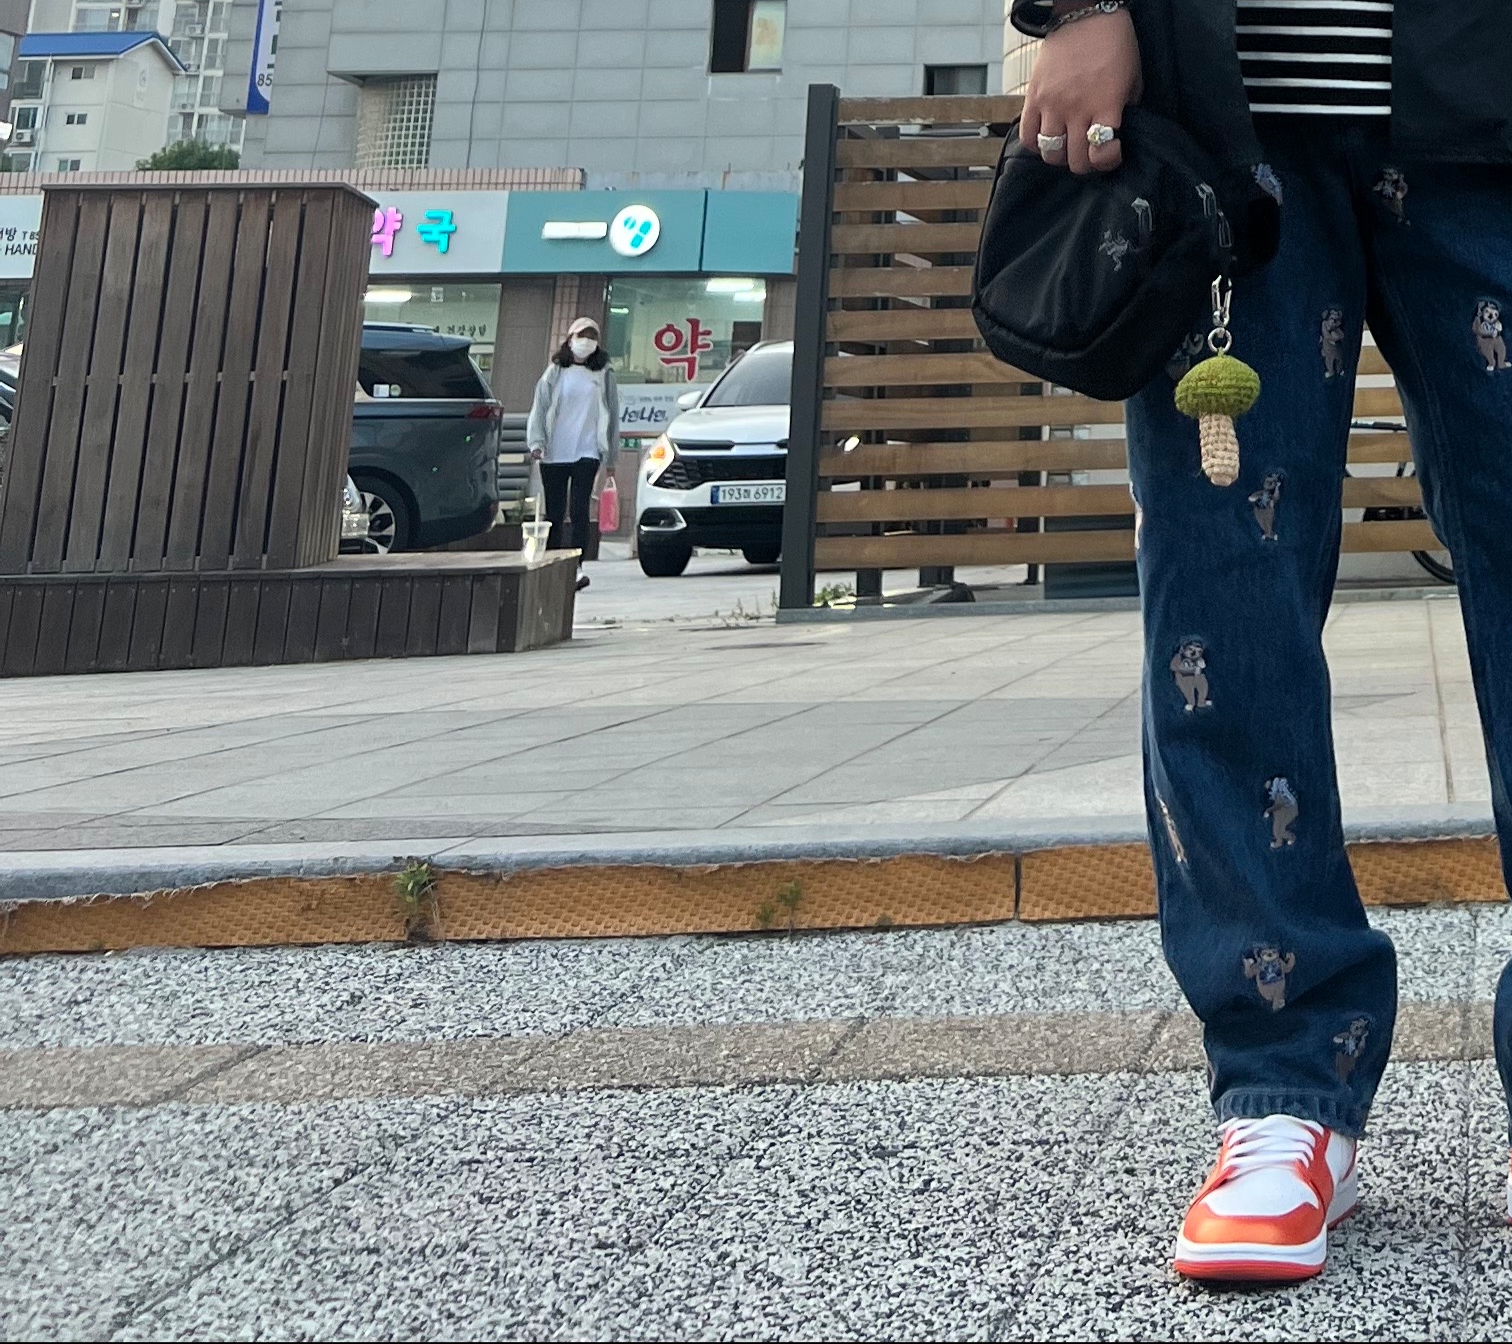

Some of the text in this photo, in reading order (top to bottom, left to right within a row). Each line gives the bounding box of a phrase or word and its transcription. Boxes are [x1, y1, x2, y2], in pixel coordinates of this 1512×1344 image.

[257, 73, 273, 87] 85
[653, 317, 713, 383] 약
[753, 486, 783, 500] 6912
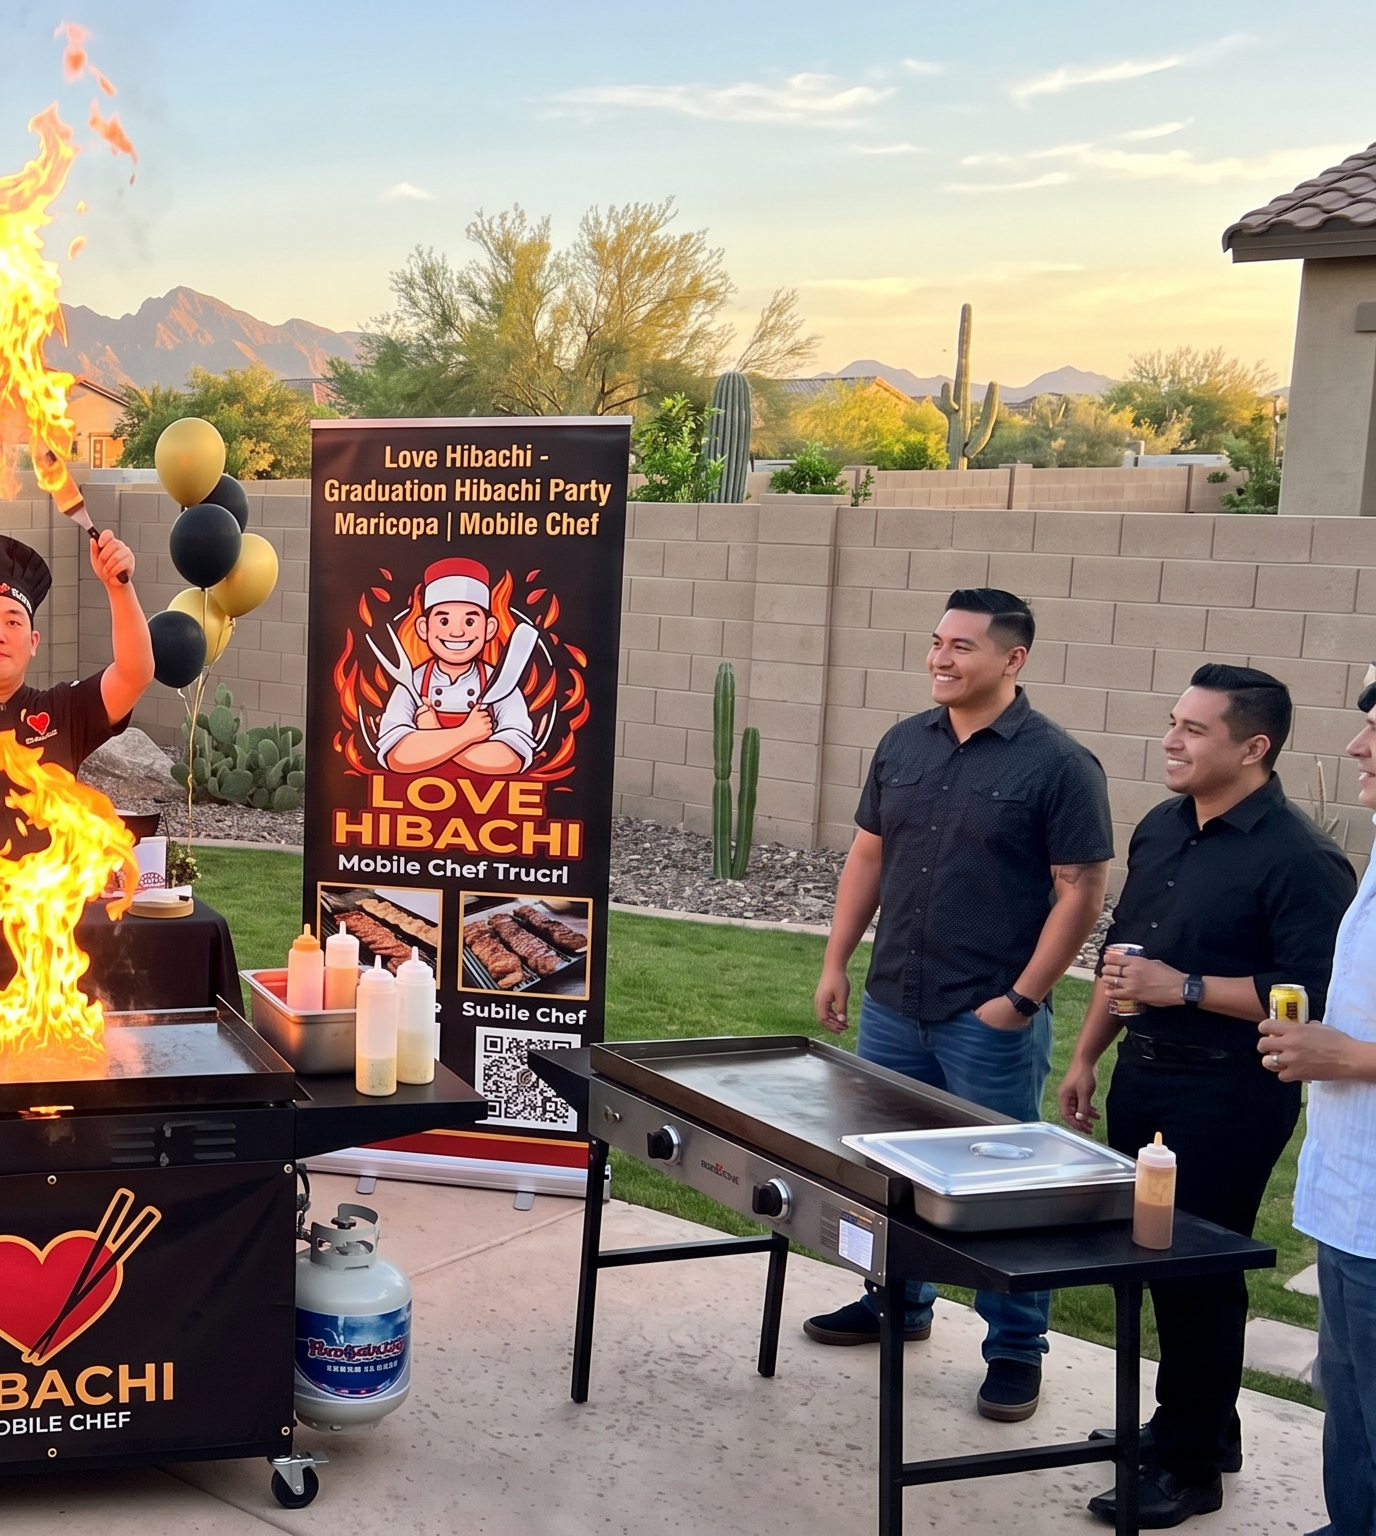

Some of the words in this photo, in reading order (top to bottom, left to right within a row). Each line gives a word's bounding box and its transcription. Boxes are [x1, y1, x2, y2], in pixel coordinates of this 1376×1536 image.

----------------

• _ACTIVITY_:
For this exercise, retype the listing above word for word and omit the pictures.

• _WRITTEN REPLY_:
Some of the text in this photo, in reading order (top to bottom, left to right within a row). Each line gives the bounding box of a phrase or word and its transcription. Boxes are [x1, y1, x2, y2], in pixel coordinates of this 1512×1344 image.

[257, 73, 273, 87] 85
[653, 317, 713, 383] 약
[753, 486, 783, 500] 6912

Some of the words in this photo, in reading order (top to bottom, left to right within a row). Each line gives a word's bounding box and its transcription. Boxes are [x1, y1, x2, y2], in pixel coordinates of this 1376×1536 image.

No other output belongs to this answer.